You're almost certainly overflowing the internal queue in either the server or the clients or both. Try logging the messages on the clients to a file as well as the network, and see if the local syslog-ngs are dropping messages before the server has any chance.
I can give this a try on the server side, but on the client side I have a custom program that is doing the sending. It could be that the buffers are getting overflown there, but I am finding that I am having a hard time telling. Also, if it were on the client side, then in theory, I should get one of the attempts that gets all of the messages as the os scheduler schedules the threads differently to send, so I am thinking it must be on the server side somewhere.

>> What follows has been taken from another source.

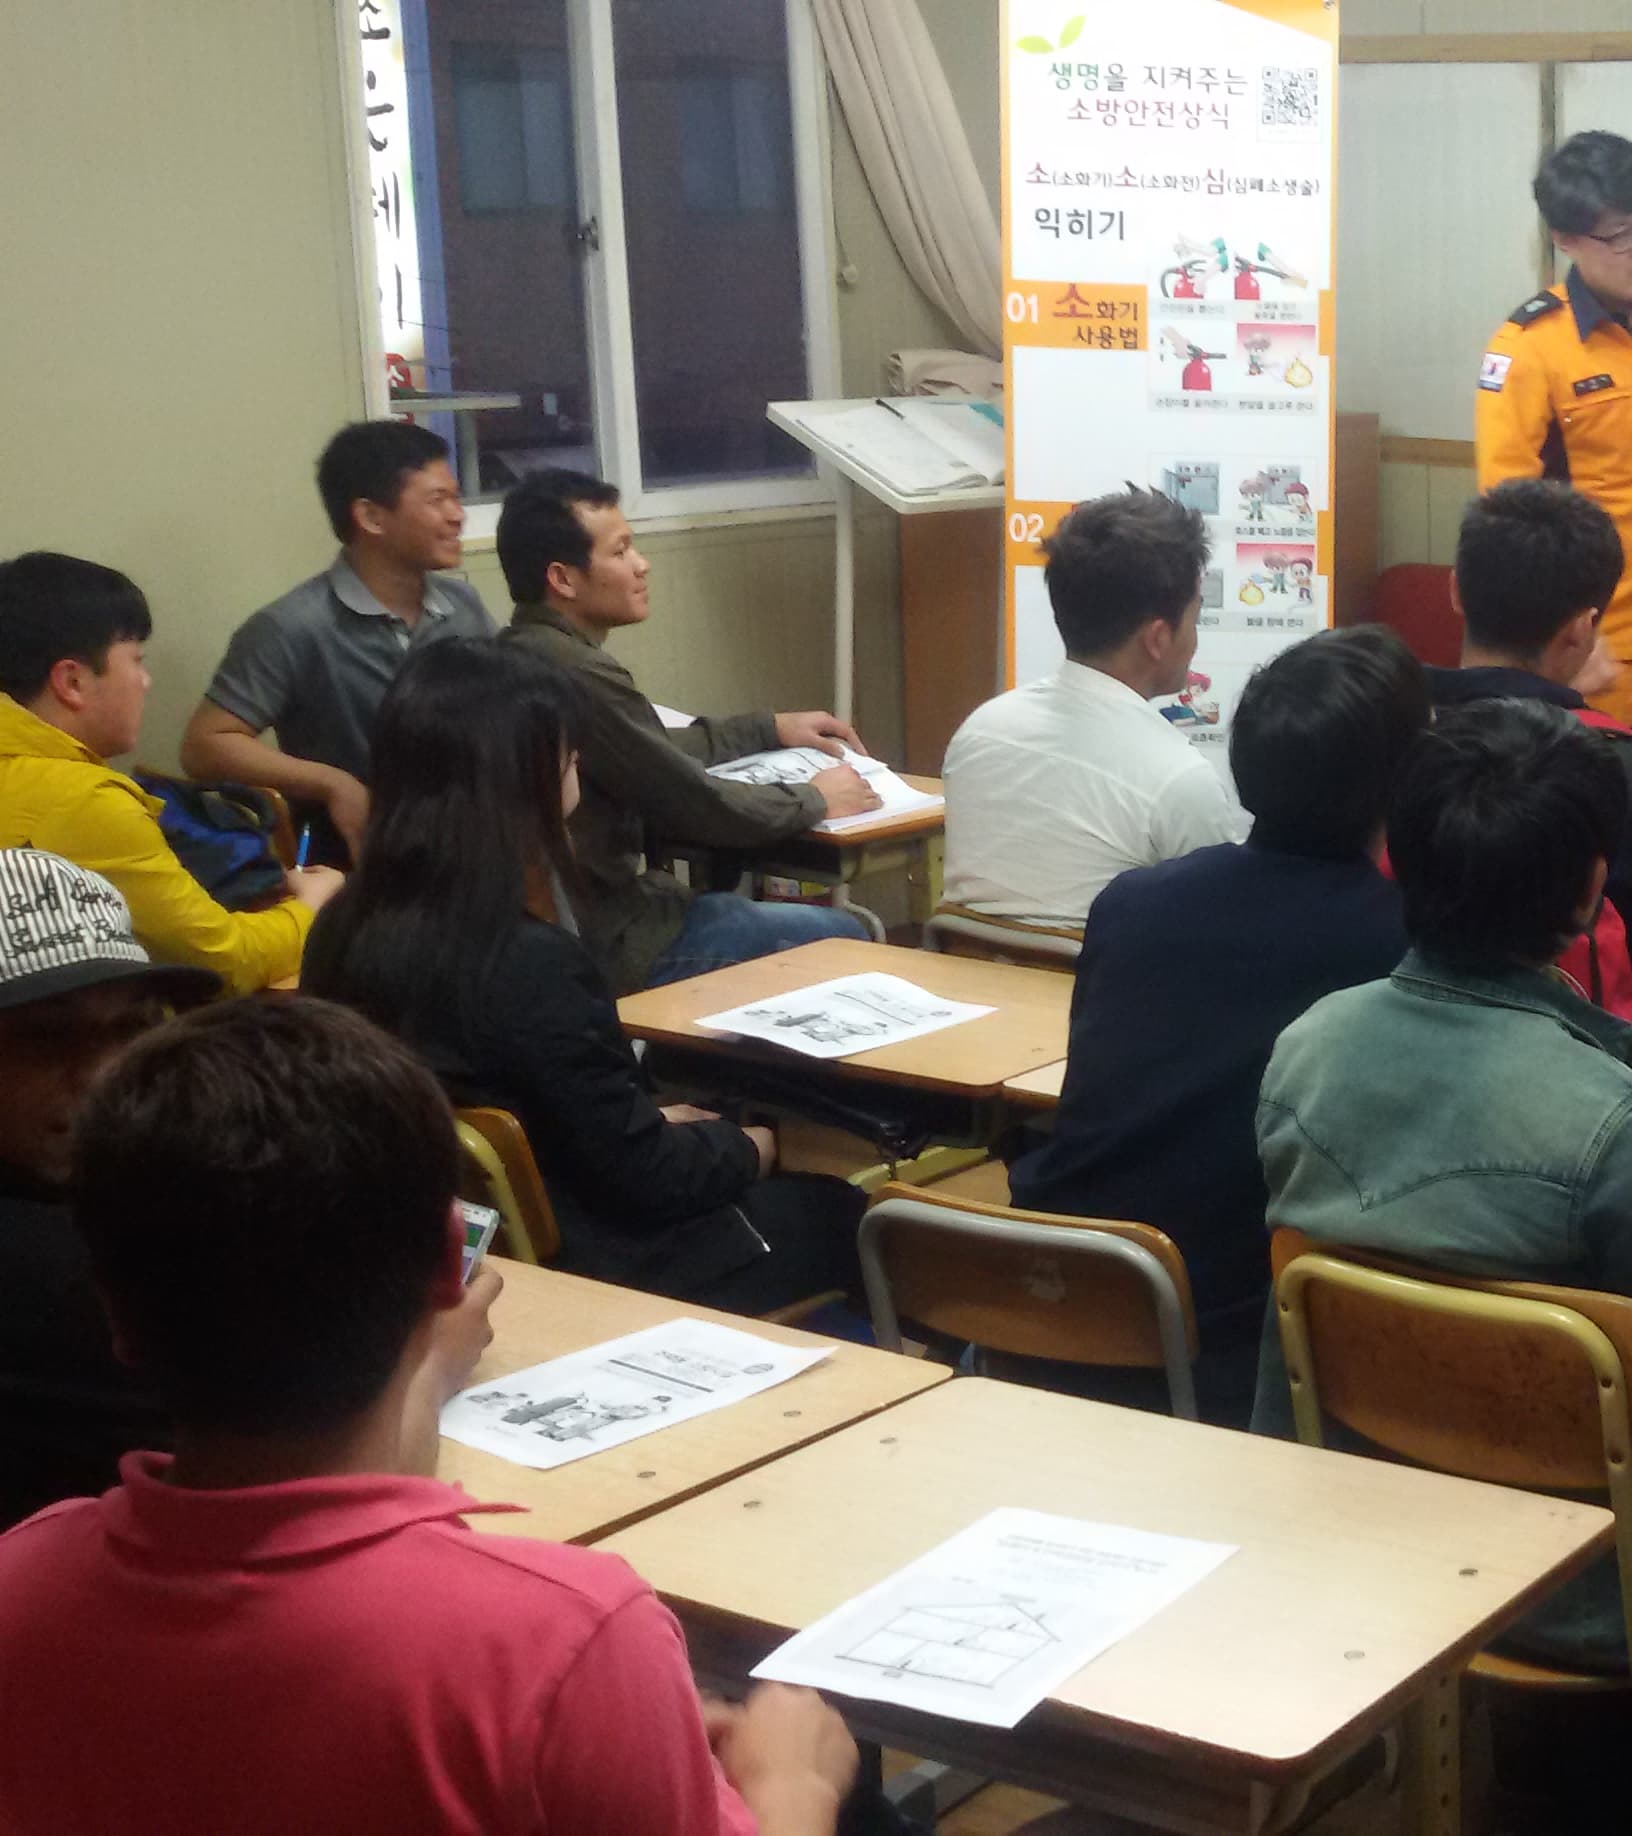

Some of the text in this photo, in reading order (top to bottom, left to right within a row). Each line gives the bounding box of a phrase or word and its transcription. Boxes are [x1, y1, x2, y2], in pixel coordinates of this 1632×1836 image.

You can put some printf statements into the libol code to trace what is happening with each log entry and the output queue. I did this to mine and I can see in the output that syslog-ng sometimes (often) simply throws messages away. The interesting parts are in pkt_buffer.c and queue.c in libol:
if (self->queue_size == self->queue_max) { /* fifo full */ <== oops ol_string_free(string); <== this tosses your message return ST_FAIL | ST_OK; <== return code is ignored }
Okay I set log_fifo_size to be something like 72,000 does that not integrate well with queue_max? I will give this a try though and see if this is where I am losing messages.

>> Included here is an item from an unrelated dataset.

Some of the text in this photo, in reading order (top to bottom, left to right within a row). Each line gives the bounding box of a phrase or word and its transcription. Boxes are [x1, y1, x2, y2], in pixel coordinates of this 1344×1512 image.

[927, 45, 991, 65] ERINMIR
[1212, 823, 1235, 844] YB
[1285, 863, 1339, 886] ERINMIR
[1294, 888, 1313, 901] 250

I've raised this issue on this list before, but have been ignored. Regardless of how high your fifo size is, syslog-ng will lose messages if the sources generate messages faster than the destintation can consume them. Raising the fifo size only masks transients, but does not help in the steady state.
The symptom is easily seen if you send very small message, such as a three-digit sequence and a newline. This puts as much stress as possible on syslog-ng. If you are suffering from this problem, you will notice in your logs that large blocks of messages are missing. You can generate these messages very quickly with a perl script writing to a named pipe.
-jwb